In regard to a “methodological” limitation, Chesebro suggested that Burke’s pentad was used too categorically by the casual critic, with the concern that the pentad would be used similar to the neo-Aristotelian method (363). But, as Tompkins and Cheney pointed out in 1993, it is not Burke’s fault that some of his followers misuse the pentad. Plenty of scholars have used Burke’s critical machinery thoughtfully, deftly, and productively. We need not be victims of a Burkean methodological trap.
Recent work in Burke studies demonstrates that there is much more to say about original texts and biographical and social contexts. In KB Journal, notably, the focus is significant. Roberts Wess’s “Representative Anecdotes in General, with Notes toward a Representative Anecdote for Burkean Ecocriticism in Particular” argued that a representative anecdote was a “part of” reality rather than “apart from” reality to explicate views on ecocriticism, antifoundationalism, and foundational ecocriticism. Jo Scott-Coe emphasized Burke’s original work in “Canonical Doubt, Critical Certainty: Counter Conventions in Augustine and Kenneth Burke.” She analyzed the extensive writings of Burke and Augustine to re-address intersections between religion, literary, and critical vocabulary. Erin Wais’s “’Trained Incapacity’: Thorstein Veblen and Kenneth Burke” traced the phrase “trained incapacity” in the work of Burke and Thorsten Veblen, clearing up the confusion whether Veblen coined the phrase and Burke’s more expansive version of it.
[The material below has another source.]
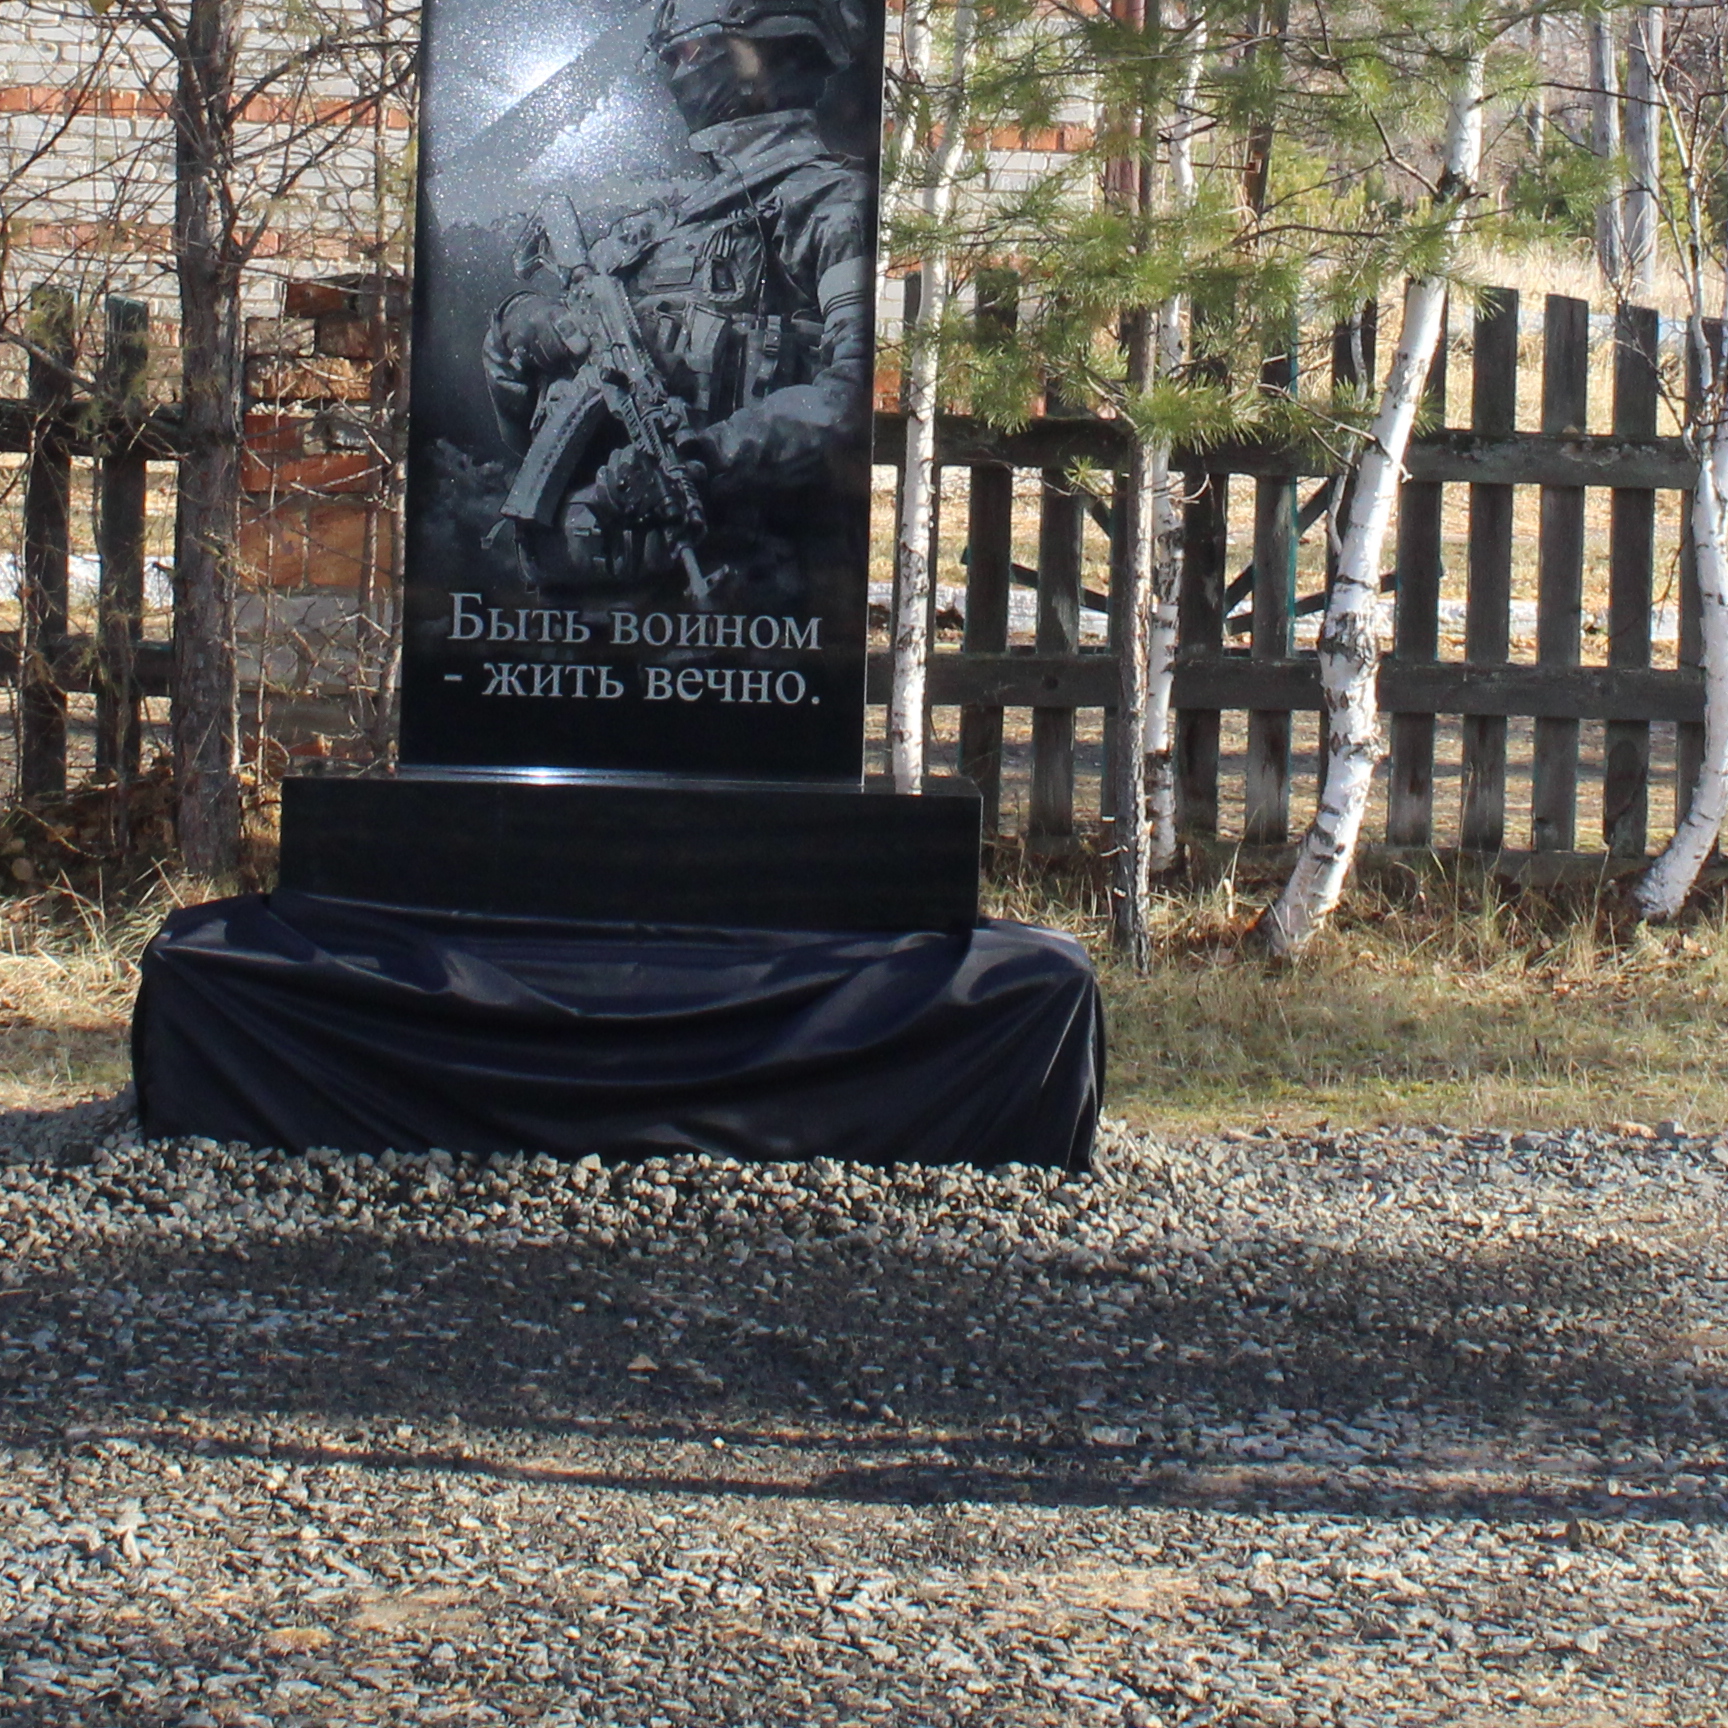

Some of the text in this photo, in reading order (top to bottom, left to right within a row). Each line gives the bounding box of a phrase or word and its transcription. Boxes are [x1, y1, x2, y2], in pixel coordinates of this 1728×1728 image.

Other examples of the focus upon Burke’s original work and the biographical and social context include Rebecca Townsend’s “Widening the Circumference of Scene: Local Politics, Local Metaphysics,” in which she employs the circumference of scene with the ethnography of communication; Keith Gibson’s “Burke, Frazer, and Ritual: Attitudes Towards Attitudes,” which returns to the literary context to understand Burke’s Attitudes Towards History and George Frazer’s The Golden Bough; Timothy Crusius’s “The Question of Kenneth Burke’s Ethics,” in which Crusius explores a theory of comedy with human relations; and Richard H. Thames’s “The Gordian Not: Untangling the Motivorum” (1), which reconstructs Burke’s Symbolic.
Given Burke’s tendency to tease out new ideas only to move on quickly and leave gems for others to pick up later, there’s more work to be done. For example, Rountree picked up on Burke’s brief discussion of “administrative rhetoric” (which is what Burke called Machiavelli’s “rhetorical theory”) to develop an approach to war rhetoric (Rountree, “Building up to War”). Similarly, Brenda K. Kuseski wrote an entire essay on Burke’s brief discussion of “the five dogs” of language, which she then used to analyze a speech by Mother Teresa.
Burkean Criticism
Burke’s work continues to provide an engine for criticism, especially rhetorical criticism. Despite the rise of alternative approaches to analysis in our postmodern academic world, critics still find value in the pentad, identification, terms for order, representative anecdote, perspective by incongruity, and myriad other nuggets mined from the Burke corpus. Publications in our own KB Journal illustrate this nicely.
Robert L. Ivie’s, “The Rhetoric of Bush’s `War’ on Terror,” lead essay in the inaugural issue of KB Journal, is a quintessential example of using Burke’s concepts for critique. Ivie illuminated George W. Bush’s persuasive seductions in regard to the war on terror. Ivie showed how Bush’s messages masqueraded as tests of Christian faith, suggesting that America needed to find its democratic voice.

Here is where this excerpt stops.